L’appelante ne conteste pas occuper effectivement un bien qu’elle sait propre à son ex-époux depuis l’arrêt rendu le 17 novembre 2021 par la cour d’appel de Nîmes, et ce, malgré le commandement qui lui a été délivré le 6 décembre 2021, ce qui est constitutif d’une faute civile.
Cette occupation prive de fait ledit propriétaire des lieux d’en jouir comme sa qualité devrait le lui permettre, que ce soit pour l’occuper lui-même ou en faire tout autre usage qui lui conviendrait, et lui cause ainsi incontestablement un préjudice dont l’indemnisation peut effectivement être fixée à la somme de 5.000 euros demandée.

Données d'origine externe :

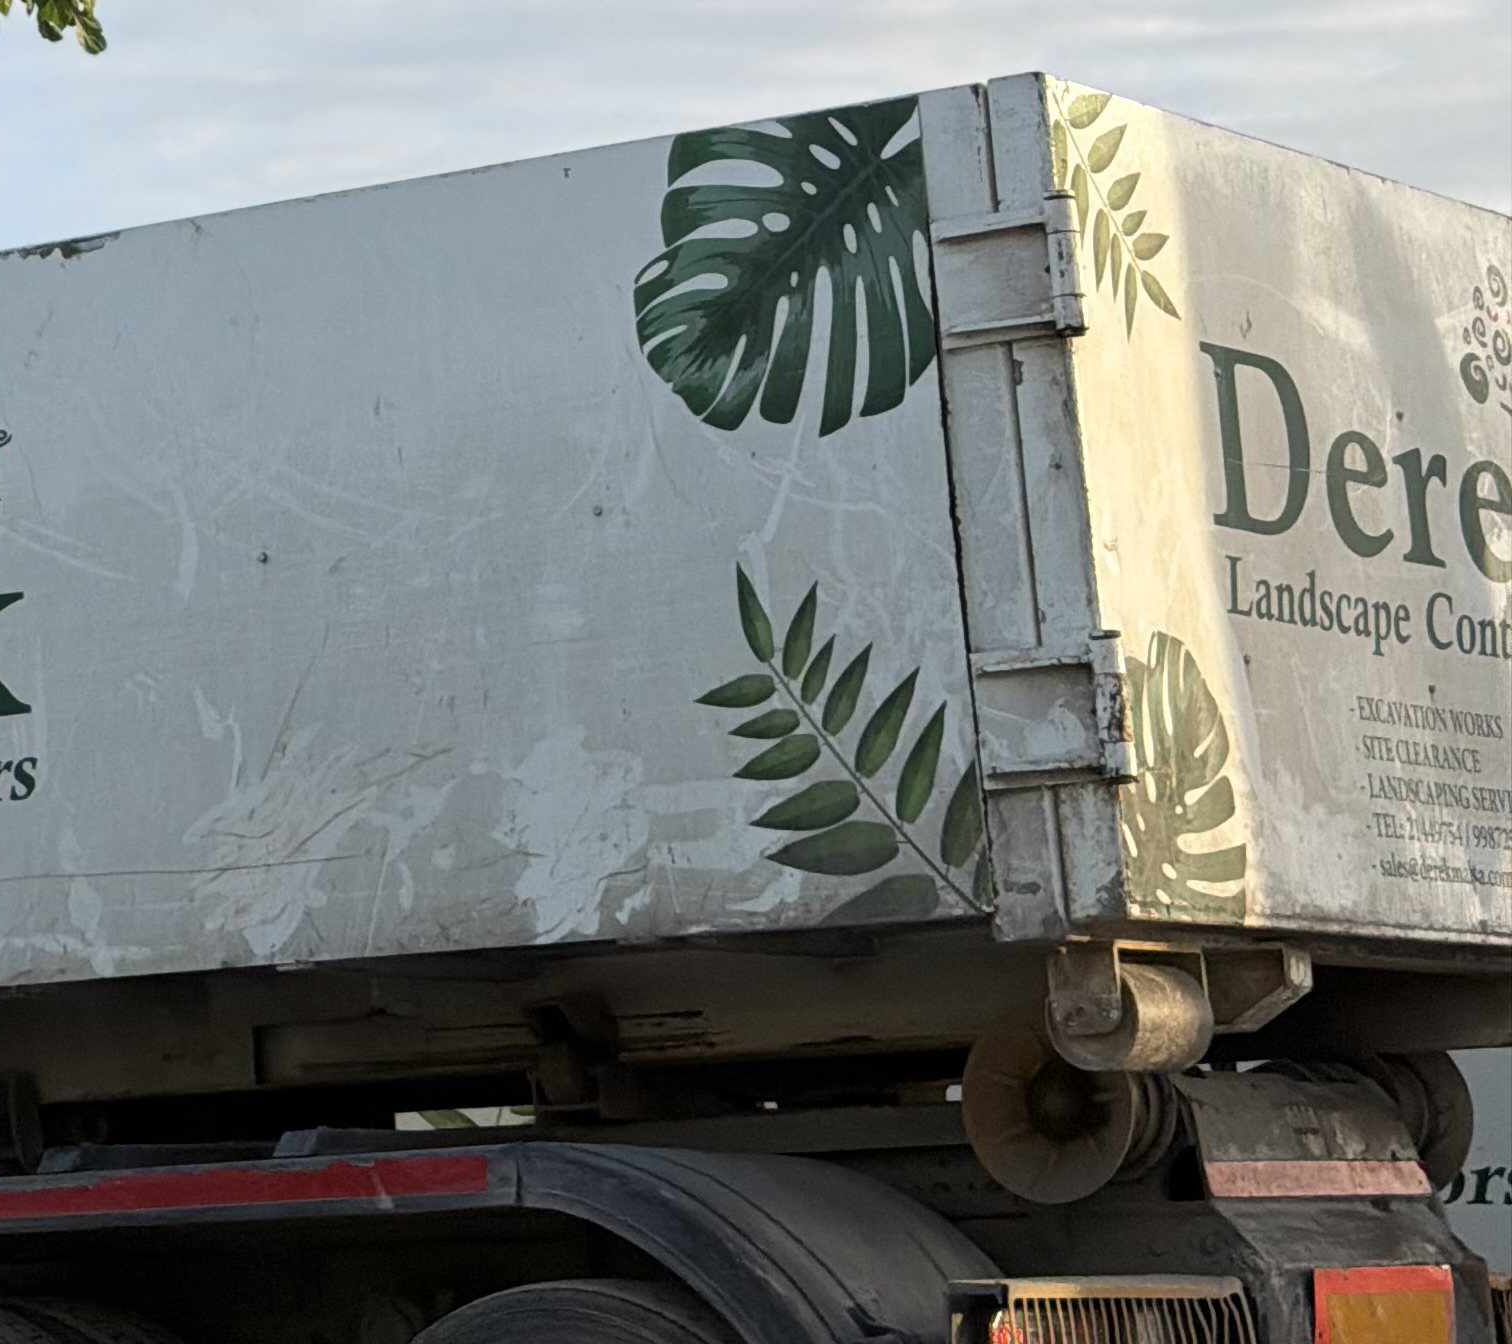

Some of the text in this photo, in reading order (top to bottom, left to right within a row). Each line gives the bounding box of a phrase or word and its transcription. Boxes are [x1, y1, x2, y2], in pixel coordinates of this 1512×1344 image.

Sur les frais de l’instance :
Madame [W], qui succombe partiellement, devra supporter les dépens de la première instance et de l’instance d’appel, et payer à Monsieur [S] une somme équitablement arbitrée à 2.000 euros en application de l’article 700 du code de procédure civile.
PAR CES MOTIFS :
La Cour, statuant par arrêt contradictoire et en dernier ressort,
Infirme le jugement déféré en toutes ses dispositions ;
Et statuant à nouveau,
Dit que les dispositions des articles L421-1 et L421-2 du code des procédures civiles d’exécution sont applicables en l’instance ;
Constate que la décision d’expulsion n’a à ce jour pas été exécutée ;
Déboute en conséquence Monsieur [J] [S] de ses demandes en liquidation d’astreinte provisoire et fixation d’astreinte définitive fondées sur les articles L131-2, L131-3 et L131-4 du code des procédures civiles d’exécution ;
Dit que Madame [T] [W] a commis une faute en se maintenant abusivement dans l’immeuble appartenant à Monsieur [J] [S] depuis l’arrêt rendu par la cour d’appel de Nîmes le 17 novembre 2021 ;
Condamne en conséquence Madame [T] [W] à payer à ce titre à Monsieur [J] [S] une somme de 5.000 euros en indemnisation du préjudice qui en est résulté ;
Dit que Madame [T] [W] supportera les dépens de première instance et d’appel et payera à Monsieur [J] [S] une somme de 2.000 euros par application de l’article 700 du code de procédure civile ;
Dit que les dépens seront recouvrés conformément aux règles en matière d’aide juridictionnelle.
Arrêt signé par la présidente et par la greffiere.